━━━ Data to process

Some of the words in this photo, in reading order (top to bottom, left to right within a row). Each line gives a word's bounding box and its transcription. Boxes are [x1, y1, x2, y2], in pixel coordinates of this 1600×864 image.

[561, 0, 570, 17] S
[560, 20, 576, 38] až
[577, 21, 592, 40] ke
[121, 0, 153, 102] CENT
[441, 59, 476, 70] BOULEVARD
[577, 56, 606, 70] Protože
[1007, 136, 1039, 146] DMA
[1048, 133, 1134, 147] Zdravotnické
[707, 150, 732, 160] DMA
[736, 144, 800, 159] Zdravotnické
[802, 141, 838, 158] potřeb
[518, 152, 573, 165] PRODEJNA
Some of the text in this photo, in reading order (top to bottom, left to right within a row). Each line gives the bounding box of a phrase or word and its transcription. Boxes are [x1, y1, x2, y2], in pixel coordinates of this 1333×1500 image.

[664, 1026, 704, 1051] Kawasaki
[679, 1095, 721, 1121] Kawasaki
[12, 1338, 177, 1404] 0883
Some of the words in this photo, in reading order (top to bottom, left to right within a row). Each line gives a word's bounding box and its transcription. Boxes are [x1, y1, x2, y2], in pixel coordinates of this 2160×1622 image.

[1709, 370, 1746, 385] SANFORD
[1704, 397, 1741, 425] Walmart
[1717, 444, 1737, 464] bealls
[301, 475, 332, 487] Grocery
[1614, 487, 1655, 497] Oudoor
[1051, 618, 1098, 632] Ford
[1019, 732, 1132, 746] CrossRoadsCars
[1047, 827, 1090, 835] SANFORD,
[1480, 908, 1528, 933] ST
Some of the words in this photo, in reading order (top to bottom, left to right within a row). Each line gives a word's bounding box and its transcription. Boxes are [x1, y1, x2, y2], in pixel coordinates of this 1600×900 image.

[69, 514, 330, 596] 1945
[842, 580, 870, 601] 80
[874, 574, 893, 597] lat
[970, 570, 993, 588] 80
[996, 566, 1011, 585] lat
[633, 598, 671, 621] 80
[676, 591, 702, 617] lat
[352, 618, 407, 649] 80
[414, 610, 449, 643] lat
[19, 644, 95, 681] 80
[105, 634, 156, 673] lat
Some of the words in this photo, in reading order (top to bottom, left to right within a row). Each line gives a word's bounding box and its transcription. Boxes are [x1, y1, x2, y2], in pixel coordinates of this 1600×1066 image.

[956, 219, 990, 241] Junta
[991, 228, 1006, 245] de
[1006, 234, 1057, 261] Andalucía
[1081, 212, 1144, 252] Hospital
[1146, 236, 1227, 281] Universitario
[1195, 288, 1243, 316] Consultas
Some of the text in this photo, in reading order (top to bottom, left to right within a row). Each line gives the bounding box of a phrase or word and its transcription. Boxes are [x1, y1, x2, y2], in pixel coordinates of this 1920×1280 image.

━━━━━━

## Try it
Reproduce every line of the data verbatim.

## Solved problem
Some of the words in this photo, in reading order (top to bottom, left to right within a row). Each line gives a word's bounding box and its transcription. Boxes are [x1, y1, x2, y2], in pixel coordinates of this 1600×864 image.

[561, 0, 570, 17] S
[560, 20, 576, 38] až
[577, 21, 592, 40] ke
[121, 0, 153, 102] CENT
[441, 59, 476, 70] BOULEVARD
[577, 56, 606, 70] Protože
[1007, 136, 1039, 146] DMA
[1048, 133, 1134, 147] Zdravotnické
[707, 150, 732, 160] DMA
[736, 144, 800, 159] Zdravotnické
[802, 141, 838, 158] potřeb
[518, 152, 573, 165] PRODEJNA
Some of the text in this photo, in reading order (top to bottom, left to right within a row). Each line gives the bounding box of a phrase or word and its transcription. Boxes are [x1, y1, x2, y2], in pixel coordinates of this 1333×1500 image.

[664, 1026, 704, 1051] Kawasaki
[679, 1095, 721, 1121] Kawasaki
[12, 1338, 177, 1404] 0883
Some of the words in this photo, in reading order (top to bottom, left to right within a row). Each line gives a word's bounding box and its transcription. Boxes are [x1, y1, x2, y2], in pixel coordinates of this 2160×1622 image.

[1709, 370, 1746, 385] SANFORD
[1704, 397, 1741, 425] Walmart
[1717, 444, 1737, 464] bealls
[301, 475, 332, 487] Grocery
[1614, 487, 1655, 497] Oudoor
[1051, 618, 1098, 632] Ford
[1019, 732, 1132, 746] CrossRoadsCars
[1047, 827, 1090, 835] SANFORD,
[1480, 908, 1528, 933] ST
Some of the words in this photo, in reading order (top to bottom, left to right within a row). Each line gives a word's bounding box and its transcription. Boxes are [x1, y1, x2, y2], in pixel coordinates of this 1600×900 image.

[69, 514, 330, 596] 1945
[842, 580, 870, 601] 80
[874, 574, 893, 597] lat
[970, 570, 993, 588] 80
[996, 566, 1011, 585] lat
[633, 598, 671, 621] 80
[676, 591, 702, 617] lat
[352, 618, 407, 649] 80
[414, 610, 449, 643] lat
[19, 644, 95, 681] 80
[105, 634, 156, 673] lat
Some of the words in this photo, in reading order (top to bottom, left to right within a row). Each line gives a word's bounding box and its transcription. Boxes are [x1, y1, x2, y2], in pixel coordinates of this 1600×1066 image.

[956, 219, 990, 241] Junta
[991, 228, 1006, 245] de
[1006, 234, 1057, 261] Andalucía
[1081, 212, 1144, 252] Hospital
[1146, 236, 1227, 281] Universitario
[1195, 288, 1243, 316] Consultas
Some of the text in this photo, in reading order (top to bottom, left to right within a row). Each line gives the bounding box of a phrase or word and its transcription. Boxes are [x1, y1, x2, y2], in pixel coordinates of this 1920×1280 image.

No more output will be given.